Çarlık Rejimi’nin ardından yönetimi devralan burjuva iktidarı, Temmuz ayında hararetle kımıldamaya başlayan ve meydanlara akan kitlelere ateş açılmasını emretti ve Petrograd’da onlarca kişi katledildi. Hakkında tutuklama kararı çıkartılan Lenin ise Finlandiya’ya geçti. Eylül ayında Lenin’in “hazır olun” çağrısının ardından halk silahlandırıldı ve devrim için geri sayım başladı. Evet, Bolşevik Parti, artık iktidara hazırdır. Şiar ise çoktan bellidir; “Bütün iktidar Sovyetlere...” Bolşevikler, Lenin dışında, Troçki gibi bir dehaya ve Stalin gibi müthiş bir yer altı örgütleyicisine sahiptiler. “Çelik İrade”ye karşılık gelen Stalin, 1902–1916 yılları arasında Çarlık Rejimi tarafından 7 kez sürgün ve 7 kez de hapisle cezalandırılır ancak o, her seferinde kaçarak yeniden sıcak mücadelenin içine girer.

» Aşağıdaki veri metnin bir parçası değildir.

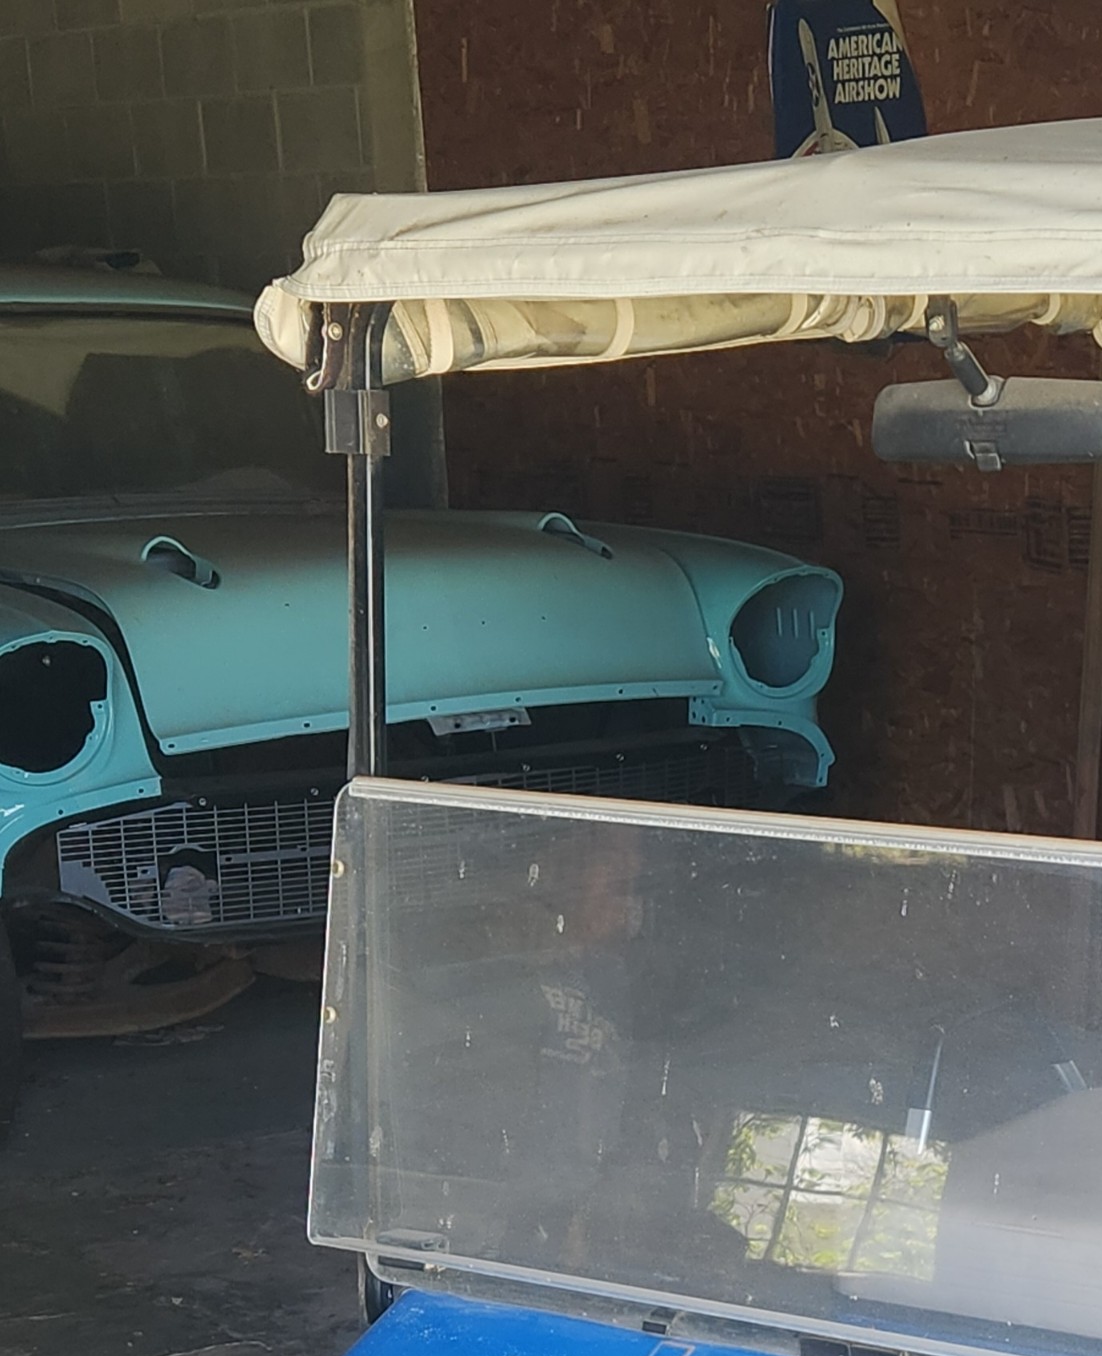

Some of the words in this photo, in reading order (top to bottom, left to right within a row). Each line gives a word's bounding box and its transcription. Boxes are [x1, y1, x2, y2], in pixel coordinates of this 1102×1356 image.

[827, 32, 903, 60] AMERICAN
[833, 53, 900, 81] HERITAGE
[834, 76, 900, 104] AIRSHOW

Tohumun çatlama vaktinin geldiğini sezen Lenin, Ekim ayında isyana komuta etmek üzere tekrar Rusya’ya döner. Ve hiç zaman yitirmeden “Merkez Komitesi” üyelerine mektup yazar; “Yoldaşlar. Bugün için ayaklanmayı geciktirmenin ölüm olduğu gün gibi apaçık ortadadır. Artık beklemek mümkün değildir. Bu, her şeyi yitirmek tehlikesini göze almak olur. Tarih, bugün kazanabilecek olan, ama yarın çok şeyi, her şeyi yitirme tehlikesinde olan devrimcilerin oyalanmasını, gecikmesini bağışlamayacaktır. Eylemde duraklama ölüm demektir."

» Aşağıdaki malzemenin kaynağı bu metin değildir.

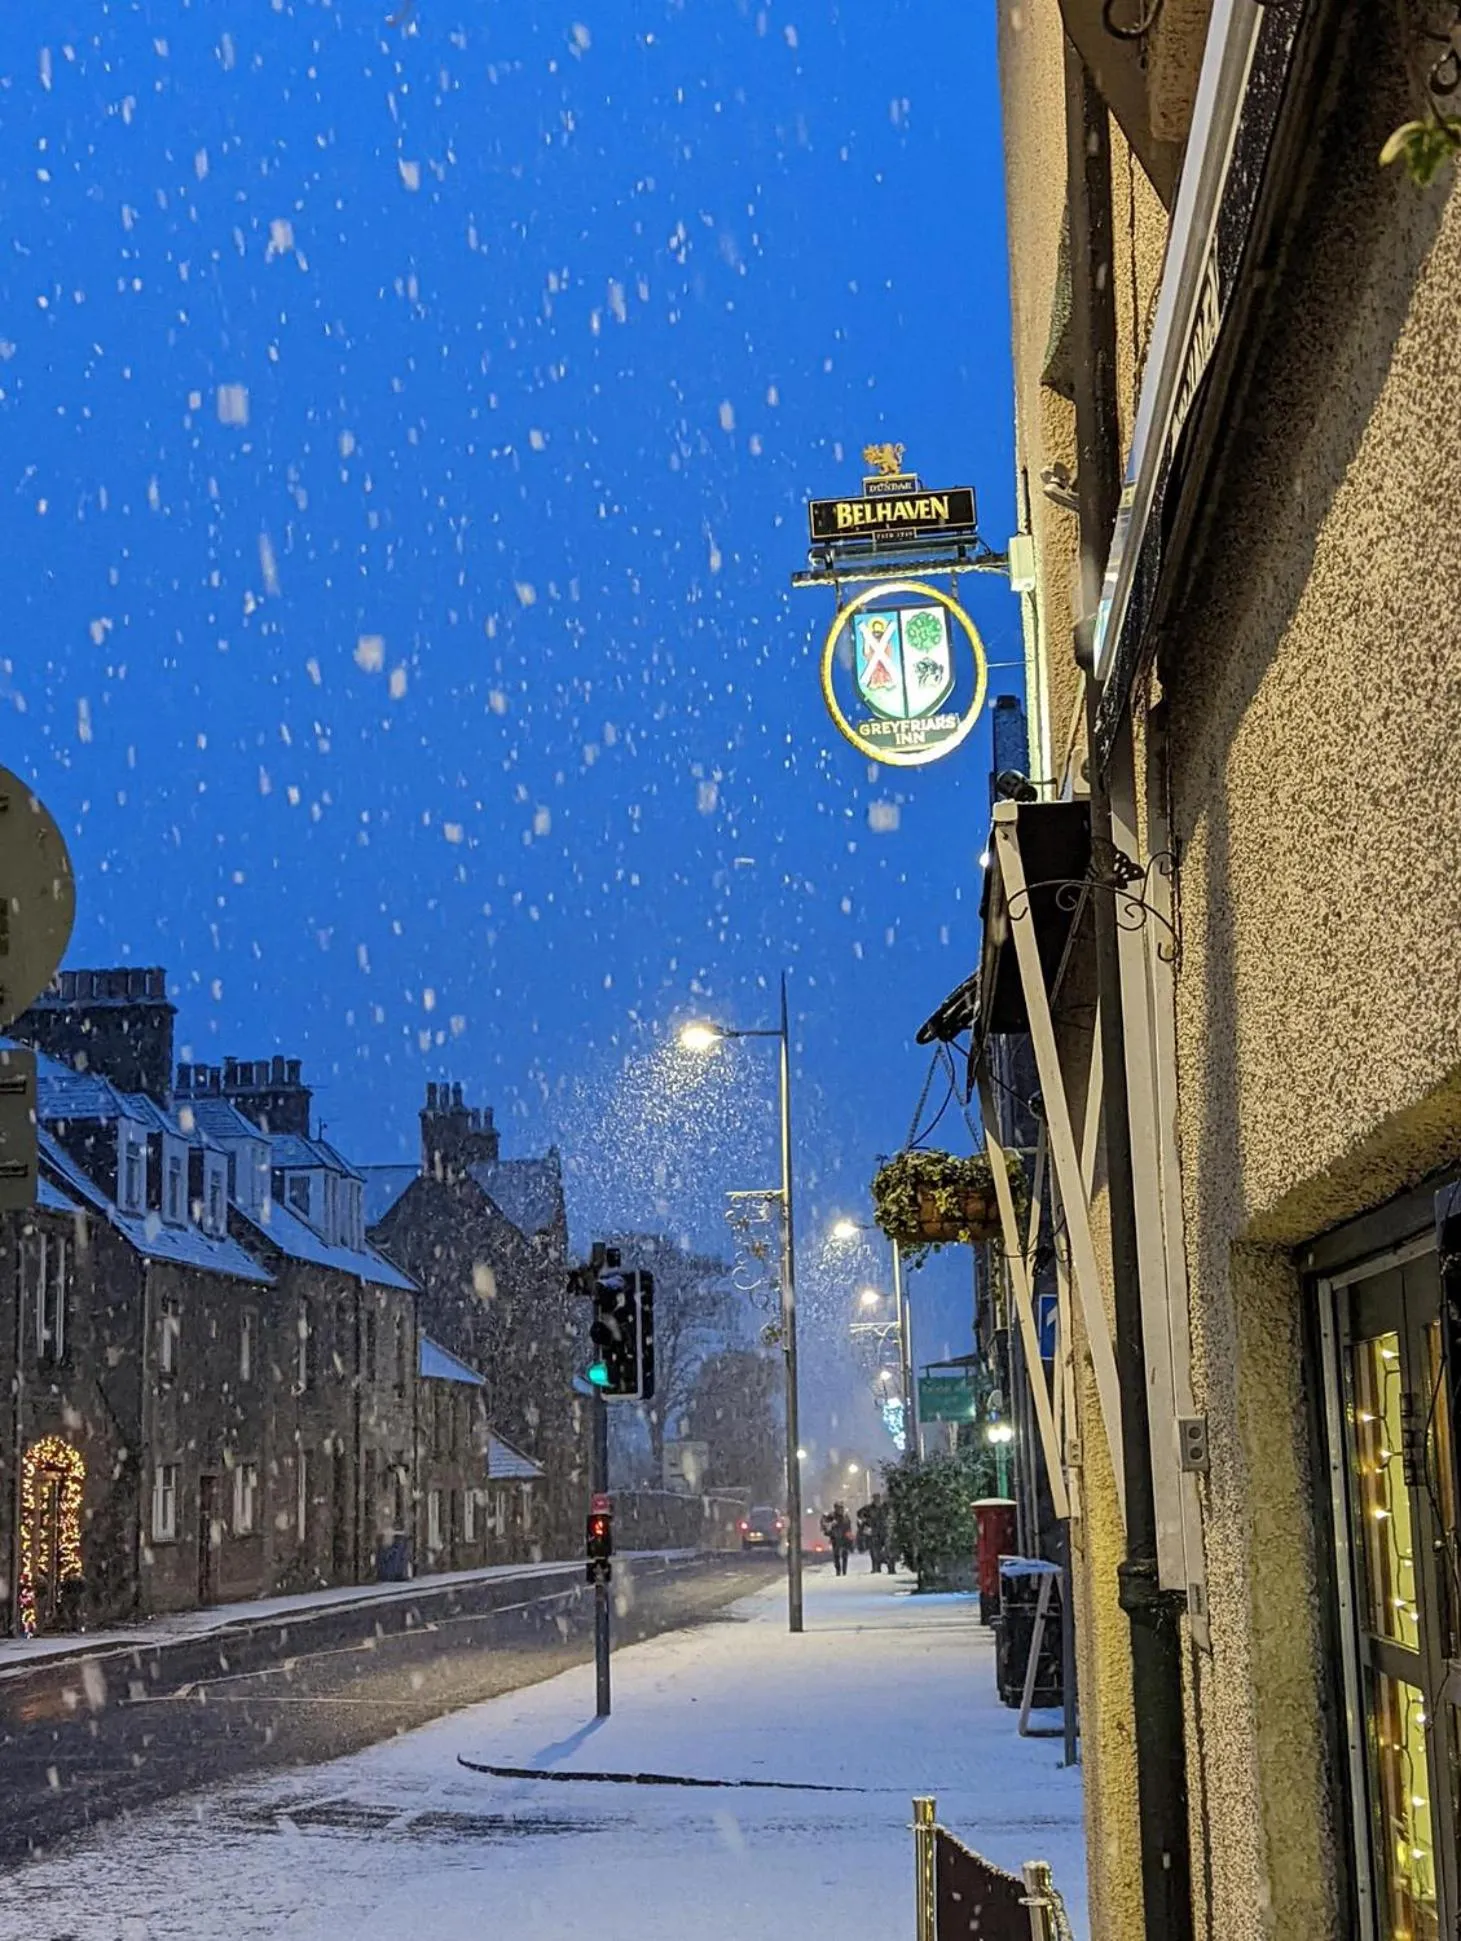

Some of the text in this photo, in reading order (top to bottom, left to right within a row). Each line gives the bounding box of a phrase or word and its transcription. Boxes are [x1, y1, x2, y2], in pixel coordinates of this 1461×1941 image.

[836, 496, 949, 529] BELHAVEN
[859, 714, 957, 735] GREYFRIARS
[895, 731, 925, 745] INN

Gecenin sessizliği, Aurore zırhlısının top atışlarıyla yırtılır ve devamında proletarya ordusu, Petrograd’daki Kışlık Saray'a hücum eder. İsyancılar, kısa bir sürede Kışlık Saray’ı ele geçirir ve sarayda bulunan geçici hükümetin bakanlarını teker teker tutuklar. Başbakan Kerenski ise ABD elçiliğinin özel arabasıyla kaçmayı başarır. Kızıl ihtilal, düş iken gerçeğe dönüşmüş ve Marksizm, en nihayetinde ete kemiğe bürünmüştür. Bu ışık, devrimler çağına da rehberlik edecektir.

Paris Komünü (1871) adlı kısa ömürlü ama emsalsiz deneyim, o güne dek ezenlerin biricik kâbusuydu. Şimdi de karşılarına ezilenlerin devrimi çıkmıştı. Bu yeni alternatif, büyük bir şoku da beraberinde getirdi. Sovyet yönetimi, ilk düşmanlarını dışarıda değil içeride buldu. Rusya, iç savaşa sürüklendi, Kızıl Ordu’nun karşısına Beyaz Ordu çıkartıldı.

Ancak... Sosyalizmin ve inançlı partizanların yılmak gibi bir niyetli yoktu; “Kıtlıkta ve soğuklarda, şehirde, tarlalarda Lenin'in işaretiyle ayaklandı partizan. Beyazların elinde kalan son kıyıya varmak için dağlardan ve ovalardan ilerledi partizan. Kan ve can bedeli bu zafer dokuz yüz on yedilerde, karlarda ve fırtınada Sovyet’i kurtardılar. Beyaz Ordu'yu yenerek, ezerek atamanları, bitirdiler bu savaşı denizin kıyısında...”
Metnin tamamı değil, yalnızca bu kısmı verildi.